This year we have had record breaking amounts of snow. The snow piled up, buried vehicles, crushed green houses and piled up deeper and deeper on the roves of campers, 5th wheels and homes of all sorts. Metal roofs, without the proper gutters and edges to deal with heavy snow load slip, became dangerous avalanche zones. Snow plows were put to more work than the last ten years combined. One thing after another had to be dug out.
The poles of the green house bent, the plastic tore and from under the banks of snow the floor is flooded. (I tried to take pics but the water is so clean and over a sheet of ice so it does not show in pictures.)
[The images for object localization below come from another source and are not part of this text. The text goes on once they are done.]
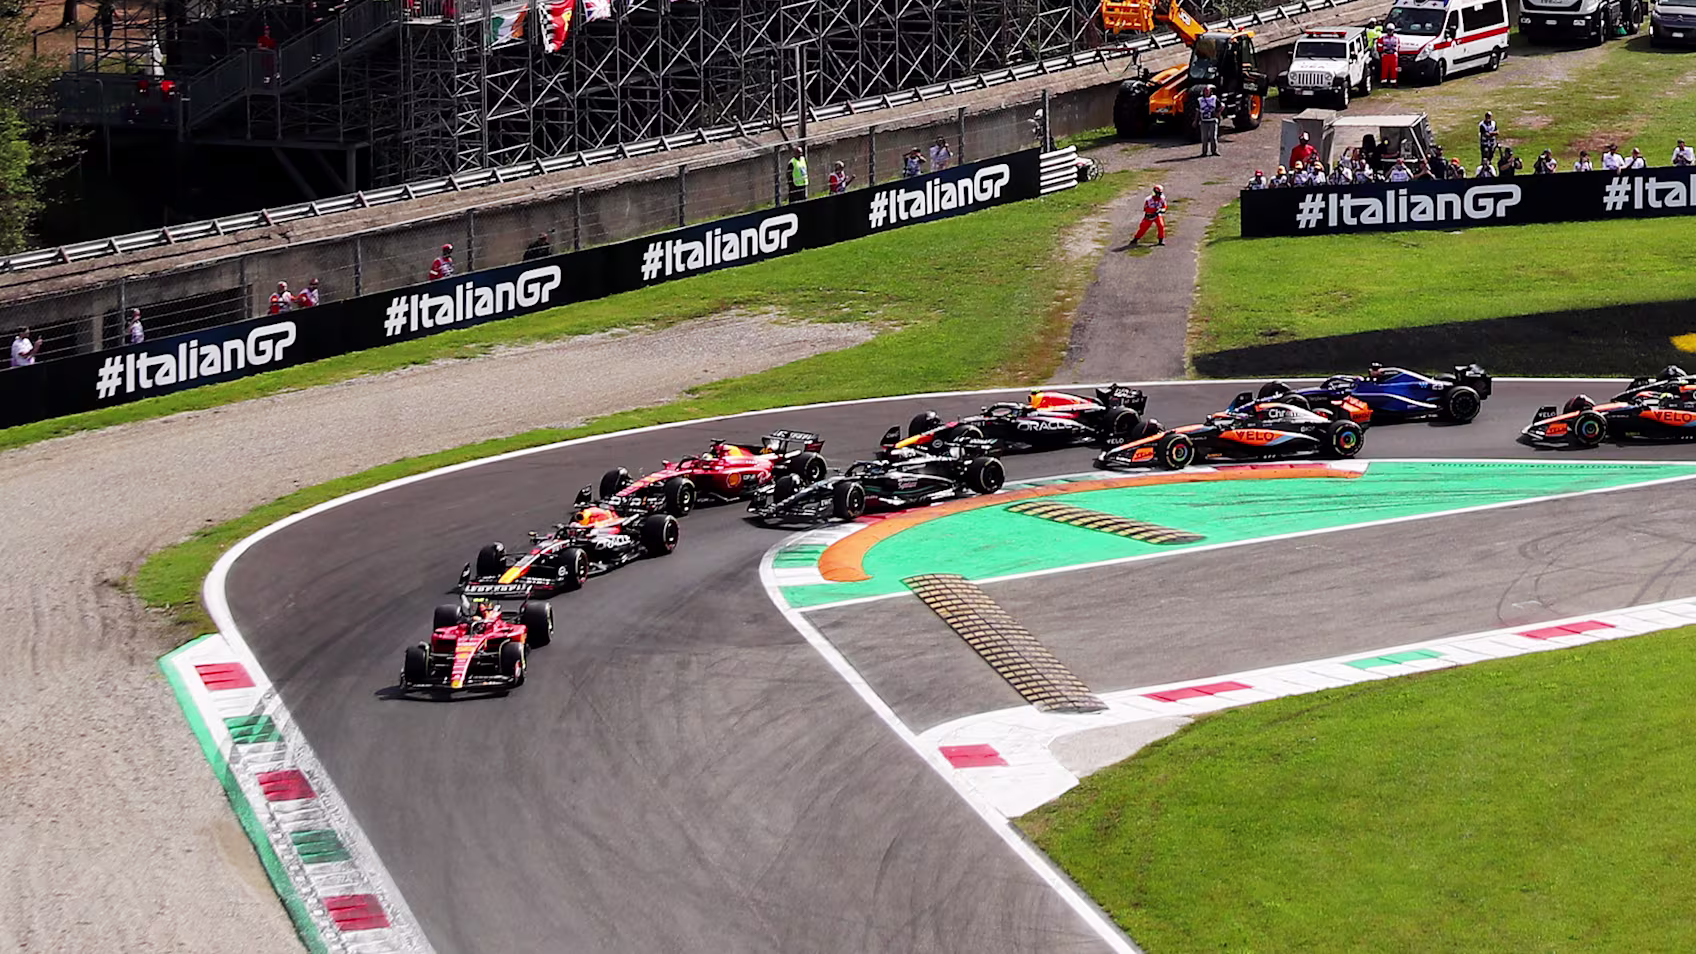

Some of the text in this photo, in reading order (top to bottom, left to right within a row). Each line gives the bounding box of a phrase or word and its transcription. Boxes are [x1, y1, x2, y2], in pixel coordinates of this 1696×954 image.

[869, 164, 1010, 228] #ItalianGP
[1296, 184, 1522, 228] #ItalianGP
[641, 213, 798, 280] #ItalianGP
[384, 265, 561, 336] #ItalianGP
[96, 322, 296, 399] #ItalianGP
[1235, 430, 1275, 442] VELO
[1653, 411, 1692, 423] VELO
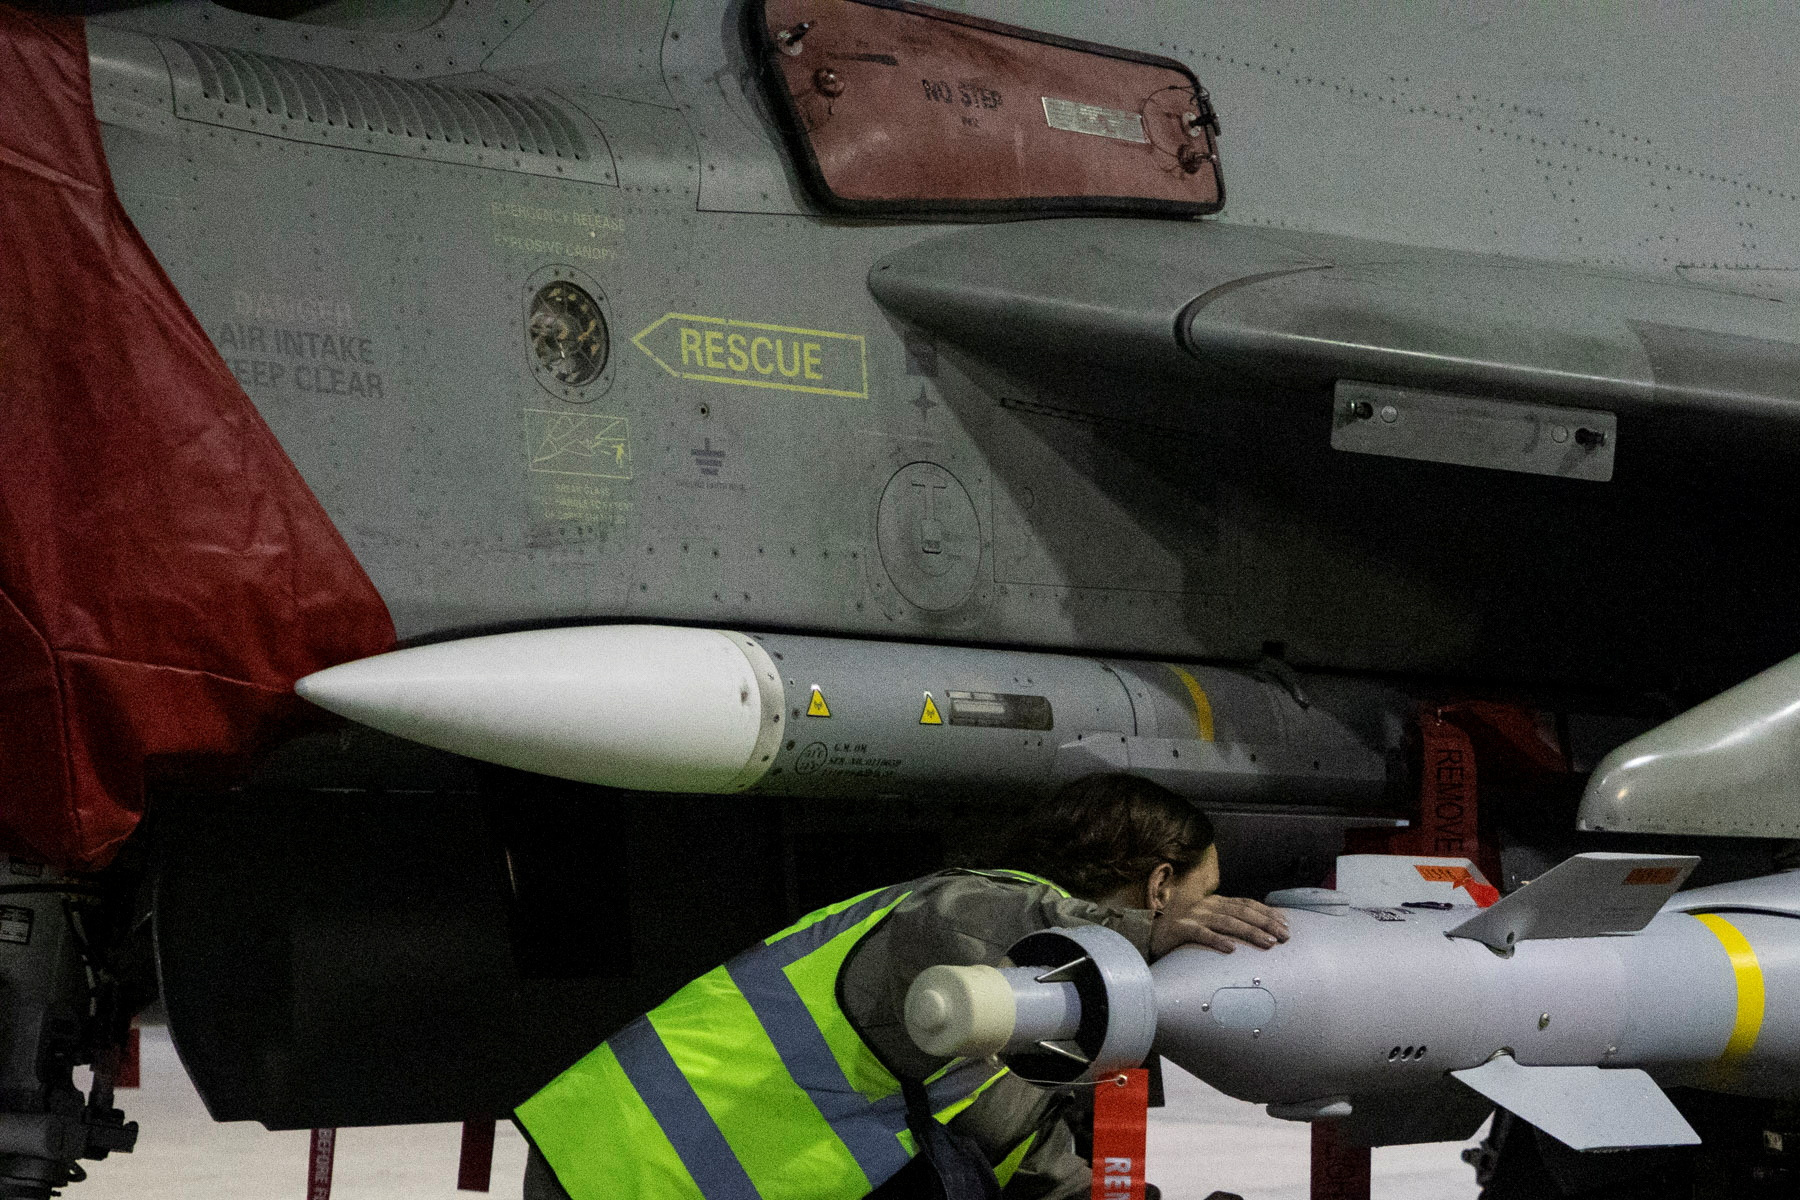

(love my fuzzy pants. Warmer than Long Johns)
I do not recommend the plastic come-in-a-box green houses. For the same amount of money something far more sturdy can be built. If a person has no construction skill or the tools sometimes the buy it from Ace green house is the only option but keep in mid very few will last more than three years. With the weather in the 40’s it feels like spring and I am eager to get a green house built.
This time of year is a good time to walk, to wander and observe how the snow piles, where the water runs, what areas melt faster, where the ice stays the longest. This insight can help you to refine and tweak long term plans. I am eager to go hiking but the snow is still past my knees and now it is so wet its almost like wading.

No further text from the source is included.